Exercise prompt: Pictures are to be dropped. Everything else in the listing gets copied exactly.

Data provided:

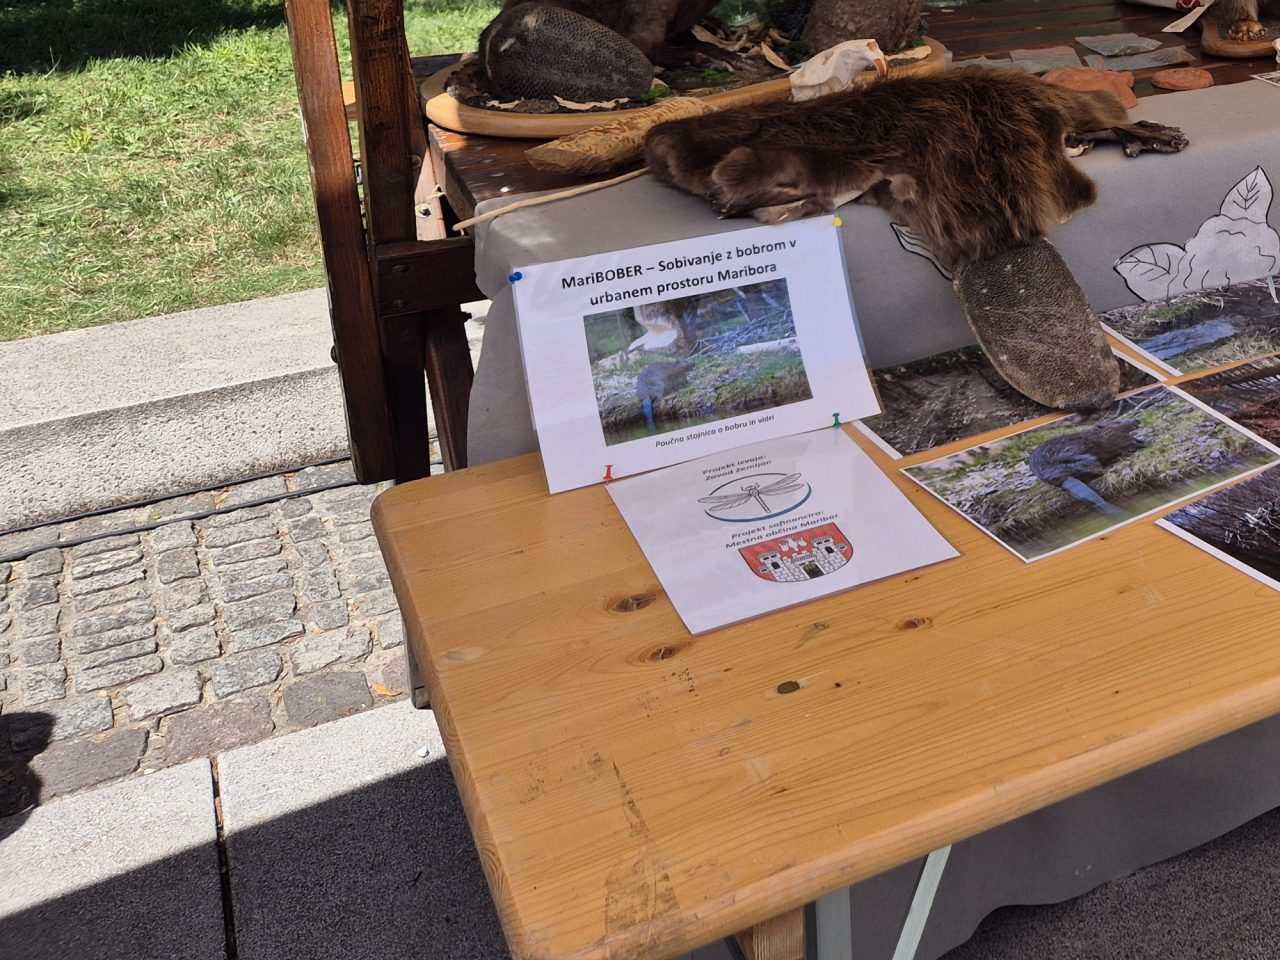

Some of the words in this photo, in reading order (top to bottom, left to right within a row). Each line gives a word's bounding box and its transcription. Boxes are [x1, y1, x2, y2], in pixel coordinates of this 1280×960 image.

[561, 264, 643, 290] MariBOBER
[658, 251, 723, 273] Sobivanje
[726, 250, 733, 260] z
[736, 240, 786, 259] bobrom
[789, 239, 797, 248] v
[590, 286, 653, 306] urbanem
[657, 274, 714, 296] prostoru
[718, 262, 777, 282] Maribora
[655, 436, 685, 448] Poučna
[686, 429, 716, 442] stojnica
[725, 421, 748, 432] bobru
[749, 419, 757, 427] in
[758, 413, 775, 424] vidri
[725, 533, 764, 549] Mestna
[765, 525, 798, 538] občina
[800, 513, 839, 528] Maribor
[731, 526, 767, 540] Projekt
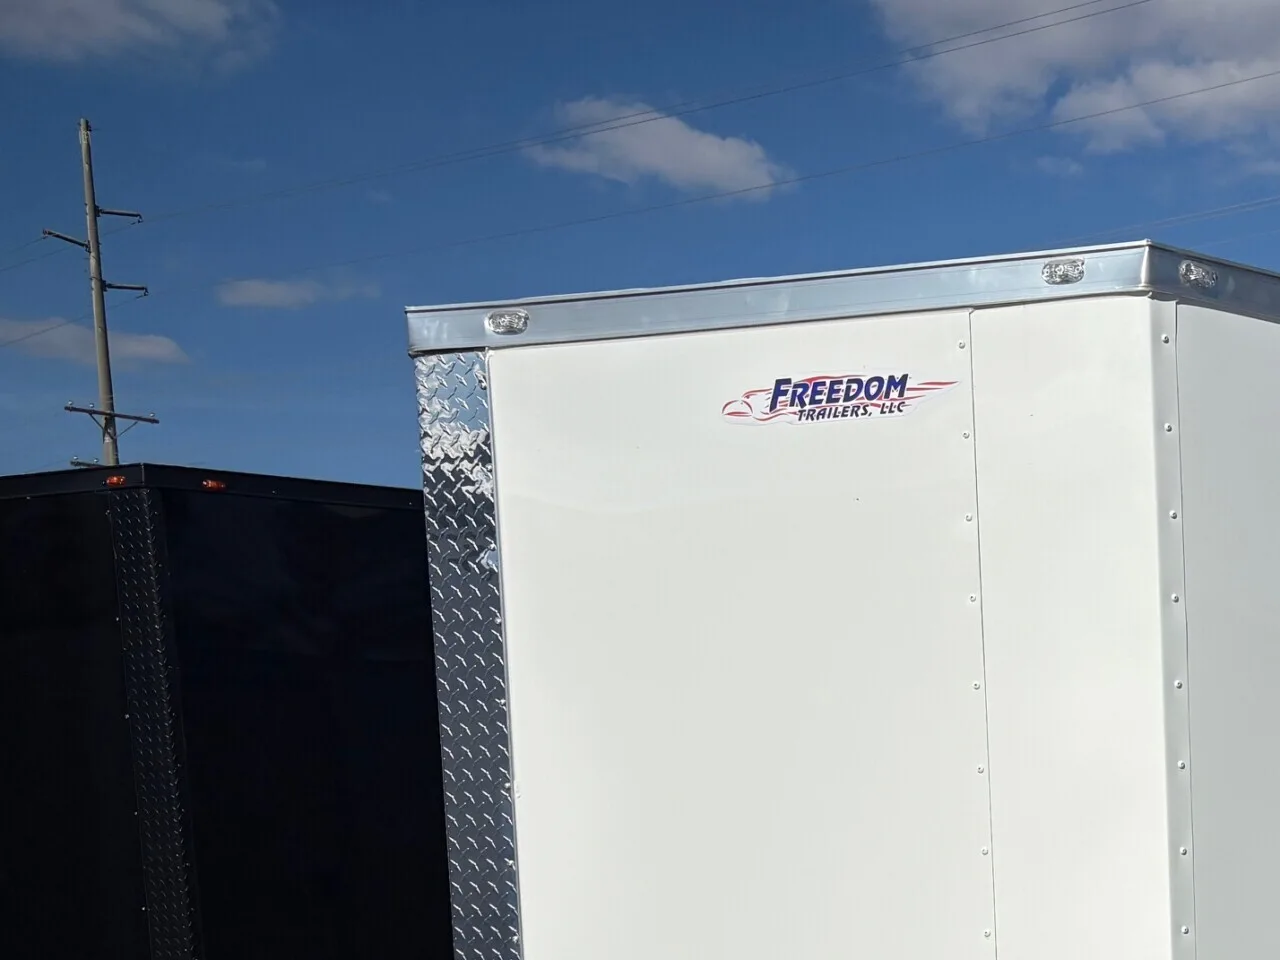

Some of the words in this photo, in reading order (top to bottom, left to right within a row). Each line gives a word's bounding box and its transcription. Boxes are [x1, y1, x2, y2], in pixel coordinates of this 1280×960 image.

[769, 374, 909, 413] FREEDOM
[797, 404, 873, 422] TRAILERS,
[880, 401, 906, 415] LLC
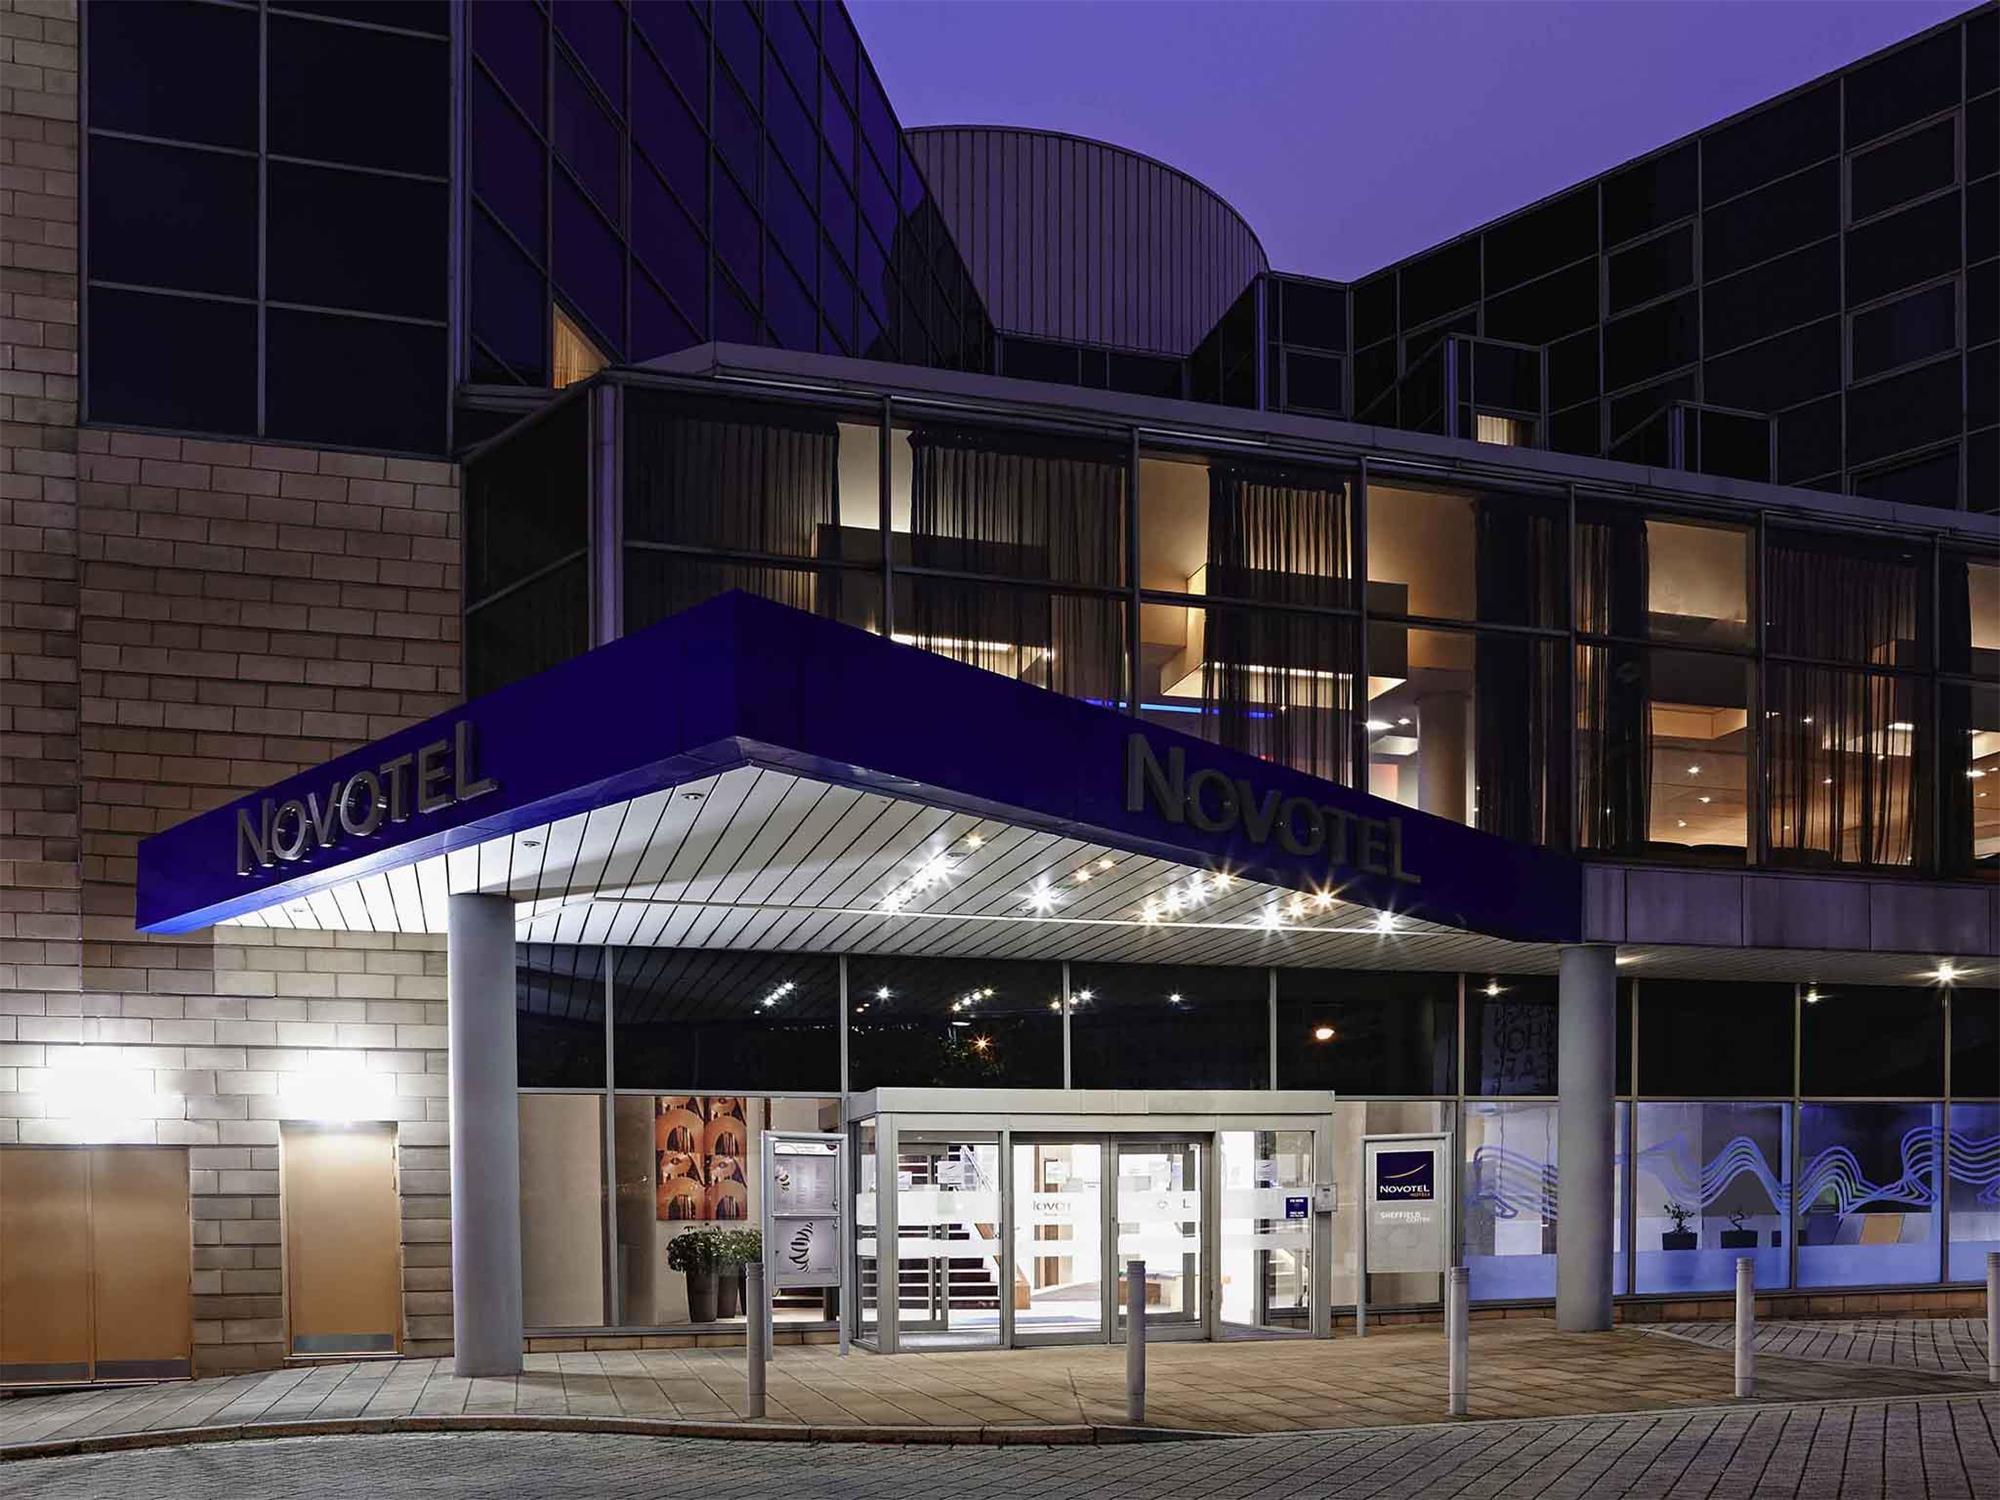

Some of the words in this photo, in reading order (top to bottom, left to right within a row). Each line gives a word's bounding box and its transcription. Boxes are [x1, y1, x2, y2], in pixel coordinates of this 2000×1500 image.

[236, 719, 499, 876] NOVOTEL
[1126, 733, 1421, 884] NOVOTEL
[1380, 1184, 1430, 1193] NOVOTEL
[1380, 1211, 1421, 1219] SHEFFIELD

Solution for this task:
Some of the words in this photo, in reading order (top to bottom, left to right within a row). Each line gives a word's bounding box and its transcription. Boxes are [x1, y1, x2, y2], in pixel coordinates of this 1280×960 image.

[561, 264, 643, 290] MariBOBER
[658, 251, 723, 273] Sobivanje
[726, 250, 733, 260] z
[736, 240, 786, 259] bobrom
[789, 239, 797, 248] v
[590, 286, 653, 306] urbanem
[657, 274, 714, 296] prostoru
[718, 262, 777, 282] Maribora
[655, 436, 685, 448] Poučna
[686, 429, 716, 442] stojnica
[725, 421, 748, 432] bobru
[749, 419, 757, 427] in
[758, 413, 775, 424] vidri
[725, 533, 764, 549] Mestna
[765, 525, 798, 538] občina
[800, 513, 839, 528] Maribor
[731, 526, 767, 540] Projekt

Some of the words in this photo, in reading order (top to bottom, left to right within a row). Each line gives a word's bounding box and its transcription. Boxes are [x1, y1, x2, y2], in pixel coordinates of this 1280×960 image.

[769, 374, 909, 413] FREEDOM
[797, 404, 873, 422] TRAILERS,
[880, 401, 906, 415] LLC

Some of the words in this photo, in reading order (top to bottom, left to right within a row). Each line gives a word's bounding box and its transcription. Boxes are [x1, y1, x2, y2], in pixel coordinates of this 2000×1500 image.

[236, 719, 499, 876] NOVOTEL
[1126, 733, 1421, 884] NOVOTEL
[1380, 1184, 1430, 1193] NOVOTEL
[1380, 1211, 1421, 1219] SHEFFIELD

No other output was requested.